I must also apologize to my future-self for not having documented the birth and first weeks of my son's life. It has been quite an experience to have a child. I'm responsible for more than just myself, which is not and unscary thought.
But what I came here to write isn't anything profound like that but only a passage I read lately that stuck with me.
I'm reading Bleak House by Charles Dickens on the recommendation of my mother-in-law after having enjoyed Moby-Dick, The House of the Seven Gables, and various other "classic" books.

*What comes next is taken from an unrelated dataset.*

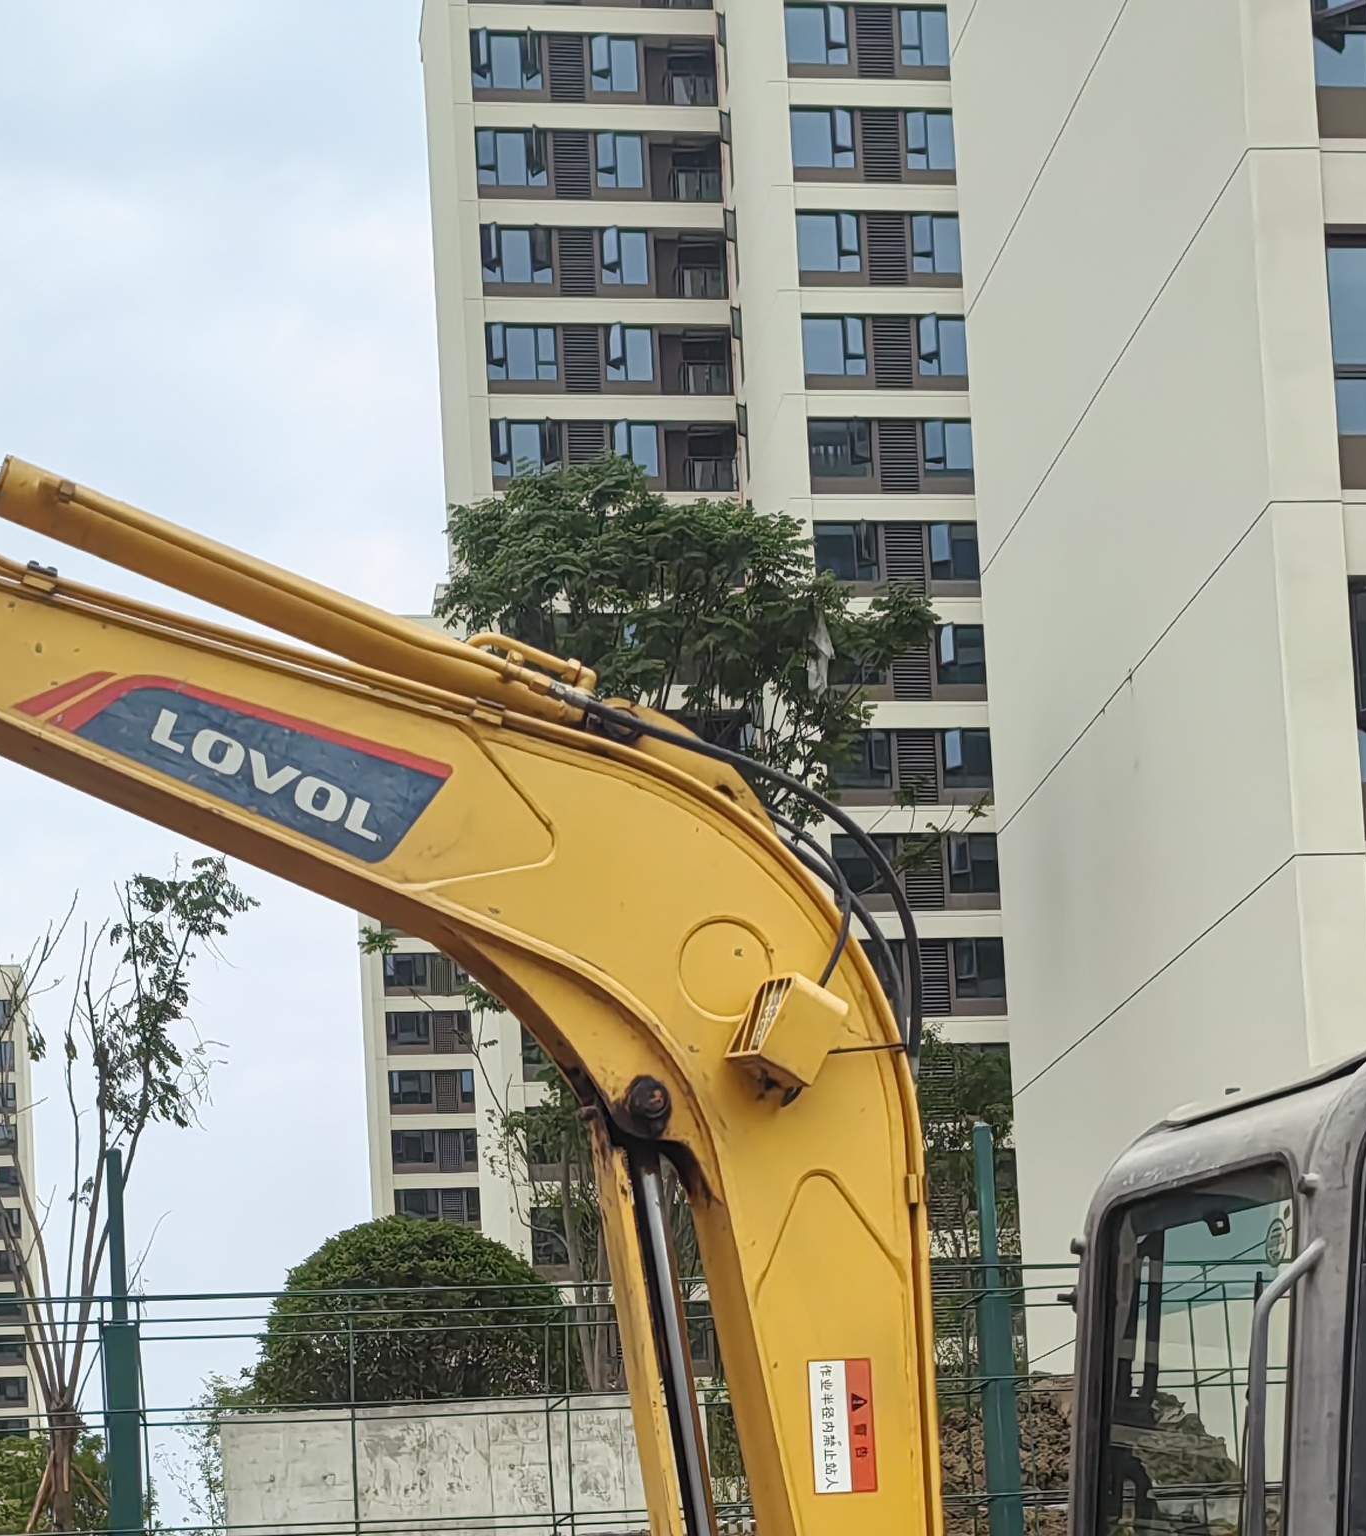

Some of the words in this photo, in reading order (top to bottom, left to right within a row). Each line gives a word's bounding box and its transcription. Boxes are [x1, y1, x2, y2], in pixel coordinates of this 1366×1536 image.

[151, 708, 378, 843] LOVOL
[819, 1364, 840, 1490] 作业半径内禁止站人

I've been enjoying it for the most part though, and this is strange to me because of my experience in reading epic fantasy, I'm having a bit of trouble keeping all of the characters straight.
Multiple disparate threads of the story are seemingly coming together ever so slowly as characters from one thread are starting to interact with those in other threads. Dickens did a nice thing in giving his characters unique, funny, and even descriptive names, but for some reason it isn't helping very much.
Anyway, the book was published in 1852 and 1853 and it was amazing to read something that must have been true back then but still so very true today and that hits home in my own life. I suppose that is what helps make something a classic.
Here is the setup and the passage:
Three men, Mr. Smallweed, Mr. Guppy, and Mr. Jobling are having dinner and afterwards turn to Mr. Jobling's prospects. Mr. Jobling has come into a streak of bad luck lately and has been leeching off of Mr. Smallweed for food and drink all evening. In the discussion Jobling utters this line followed by the narrator's commentary.
"Guppy," says Mr. Jobling, "I will not deny it. I was on the wrong side of the post. But I trusted to things coming round.
That very popular trust in flat things coming round! Not in their being beaten round, or worked round, but in their "coming" round! As though a lunatic should trust in the world's "coming" triangular!
It is so true! So many people, myself included, just sit "content" in their lives and wait for things to get better. (But then complain when nothing improves and complain when things go better for others) How many of us, if we're really honest, really work at making things better? I know I usually don't. But those times that I did, things did improve. Or wonderful things happened. It is a lesson I need to continually remind myself of. Sometimes you need to take your life and beat it in to the shape you'd like instead of merely waiting for it to come round.